Don't exclude people whose opinions offend you from a public discussion that is otherwise open to everyone. Quoting from facts stipulated by both sides in this case, Buchwald notes that "the @realDonaldTrump account is generally accessible to the public at large without regard to political affiliation or any other limiting criteria"; that "any member of the public can view [Trump's] tweets"; and that "anyone [with a Twitter account] who wants to follow the account [on Twitter] can do so" unless he has been blocked. "Similarly," she adds, "anyone with a Twitter account who has not been blocked may participate in the interactive space by replying or retweeting the President's tweets." Trump does not dispute that he blocked the seven Twitter users who brought this lawsuit because they said things that offended him.

Maryland Gov. Larry Hogan, who recently settled a lawsuit challenging censorship of public comments on his Facebook page, did not follow these guidelines.
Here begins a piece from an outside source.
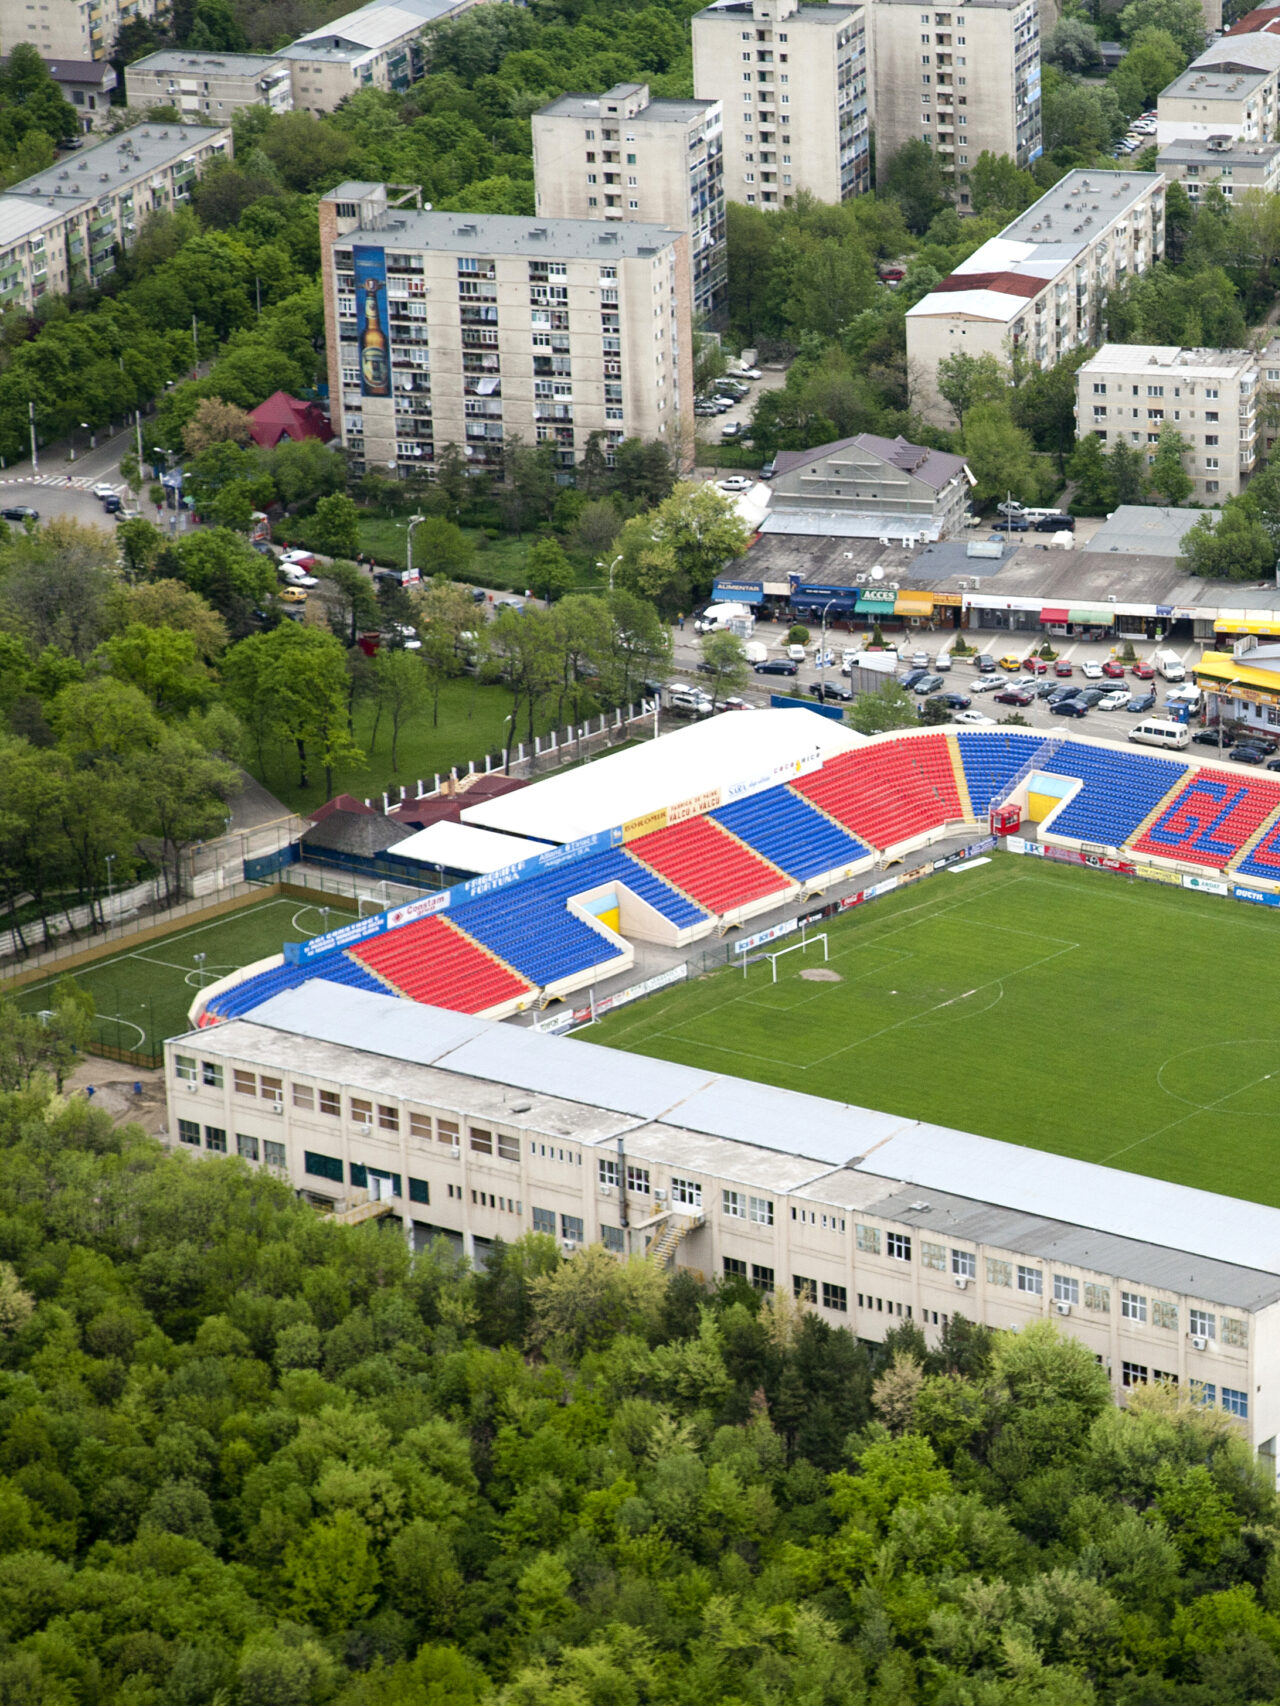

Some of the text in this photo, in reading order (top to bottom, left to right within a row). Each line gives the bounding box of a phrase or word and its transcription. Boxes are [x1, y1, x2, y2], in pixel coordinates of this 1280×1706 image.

The page, which is presented as the voice of the governor's office, features much the same material as you would expect on a government-run website, including announcements of new policies, praise of local heroes, and safety advisories. While generally allowing visitors to post comments, Hogan's office warned that "comments may be removed or access may be restricted at any time without prior notice or without providing justification." The governor's staff deleted messages urging Hogan, a Republican, to condemn Trump's ban on travelers from seven Muslim countries. The people who wrote those messages were blocked from posting further comments.

Phyllis Randall, chair of the Loudon County, Virginia, Board of Supervisors, made a similar mistake when she banned a local gadfly from her Facebook page after he posted a comment suggesting that members of the Loudon County School Board had taken official actions that benefited their relatives. Like Trump and Hogan, Randall presented her Facebook page, identified as that of "Chair Phyllis J. Randall," as a function of her office and a conduit for communicating with her constituents.
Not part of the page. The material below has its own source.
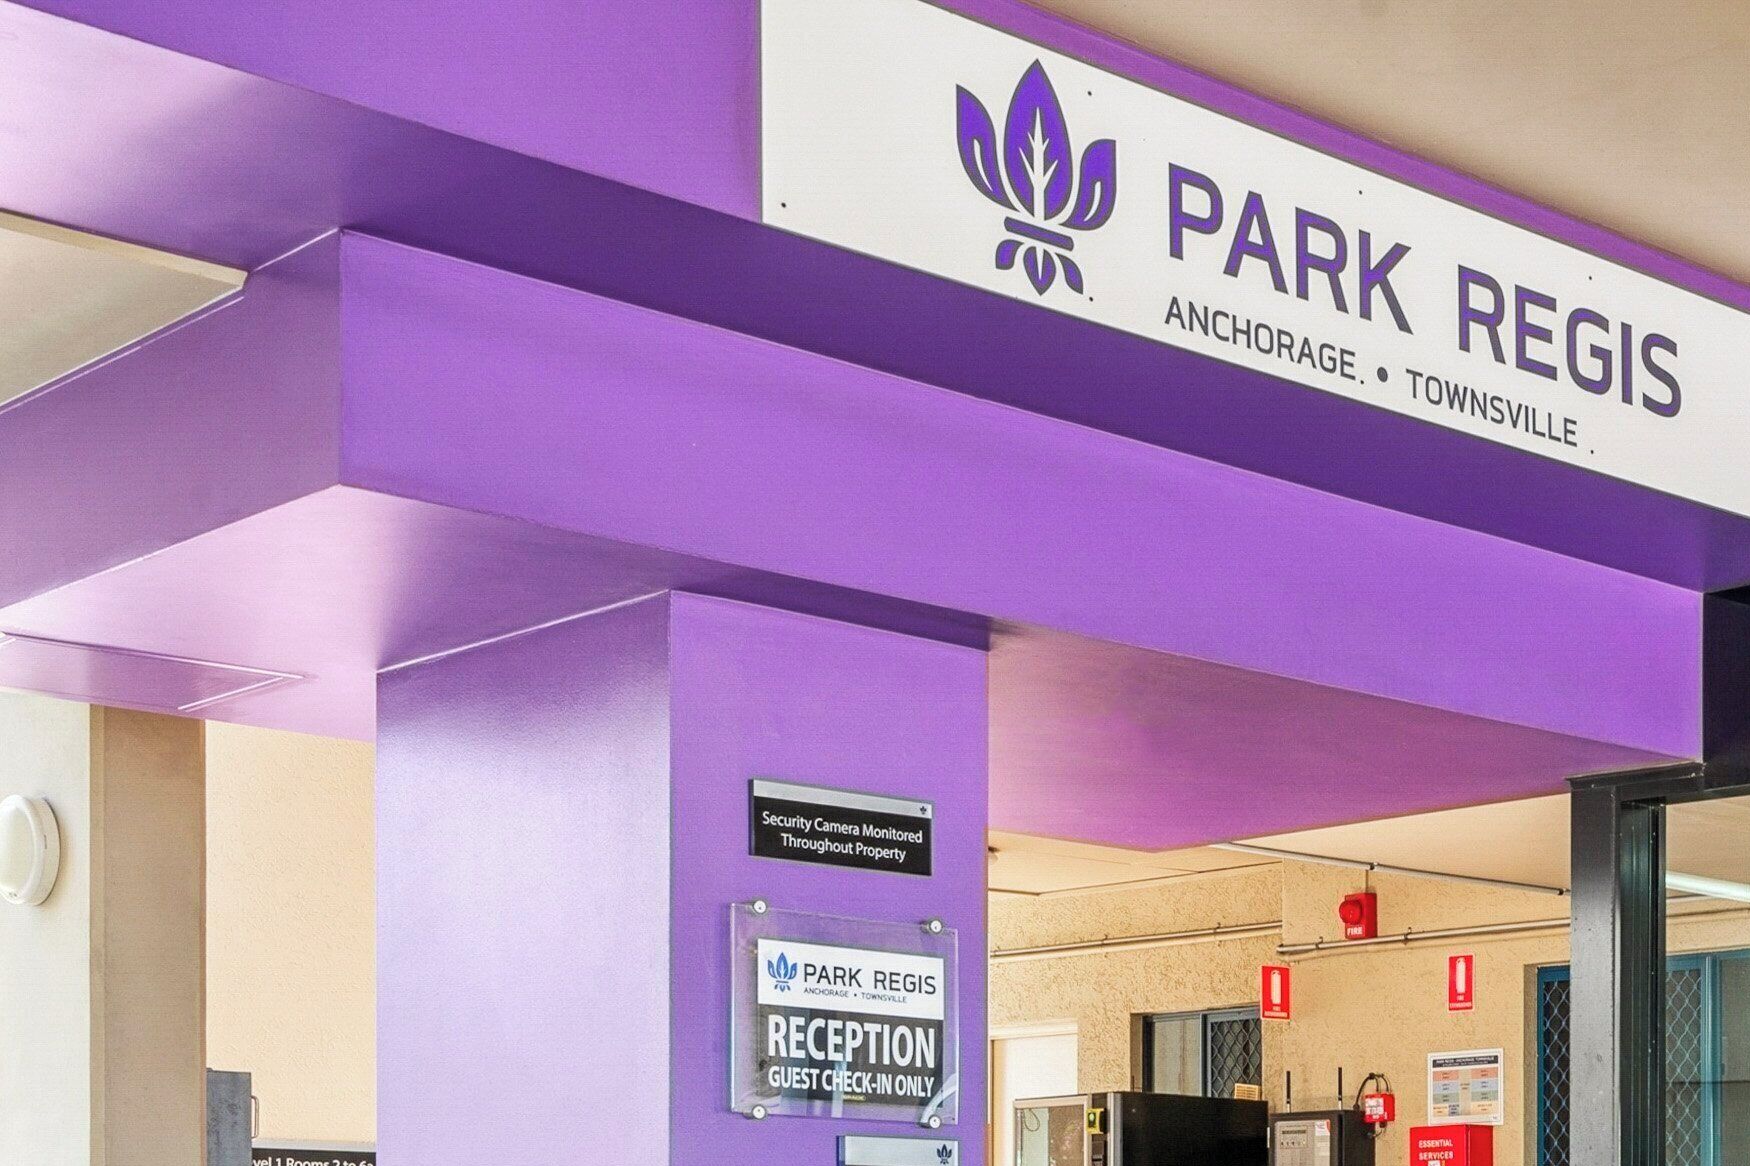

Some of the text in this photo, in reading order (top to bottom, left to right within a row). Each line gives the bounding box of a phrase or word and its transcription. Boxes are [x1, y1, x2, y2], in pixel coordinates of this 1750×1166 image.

"If the Supreme Court's First Amendment jurisprudence makes anything clear, it is that speech may not be disfavored by the government simply because it offends," wrote U.S. District Judge James Cacheris when he ruled against Randall last year. "The suppression of critical commentary regarding elected officials is the quintessential form of viewpoint discrimination against which the First Amendment guards. By prohibiting Plaintiff from participating in her online forum because she took offense at his claim that her colleagues in the County government had acted unethically, Defendant committed a cardinal sin under the First Amendment."

Such decisions are misguided, National Review's David French suggests, because social media accounts are ultimately controlled by the companies that offer them. "Did Donald Trump create a forum 'owned or controlled by the government' when he decided to use his personal Twitter account for official purposes?" French asks. "The judge says yes. I disagree. In reality, the forum is owned entirely by Twitter, and it's controlled entirely by Twitter." French thinks Twitter's terms of service, which warn that "we may suspend or terminate your account or cease providing you with all or part of the Services at any time for any or no reason," mean that "using Twitter isn't like renting out a concert hall."

That's true in a sense, of course, but it seems to me the relevant question is whether Trump in practice controls access to the forum created by his Twitter account. If a city rented a concert hall for a town meeting that was open to the general public, ejecting or excluding people based on their opinions would be clearly unconstitutional, even if the rental agreement included boilerplate stipulating that the landlord reserved the right to evacuate the hall "at any time for any or no reason." By contrast, a mayor who rented the same space on his own dime for his daughter's wedding would be free to choose the guests based on whatever criteria he liked. The social media accounts that got Trump, Hogan, and Randall into legal trouble seem a lot more like the town meeting than the wedding.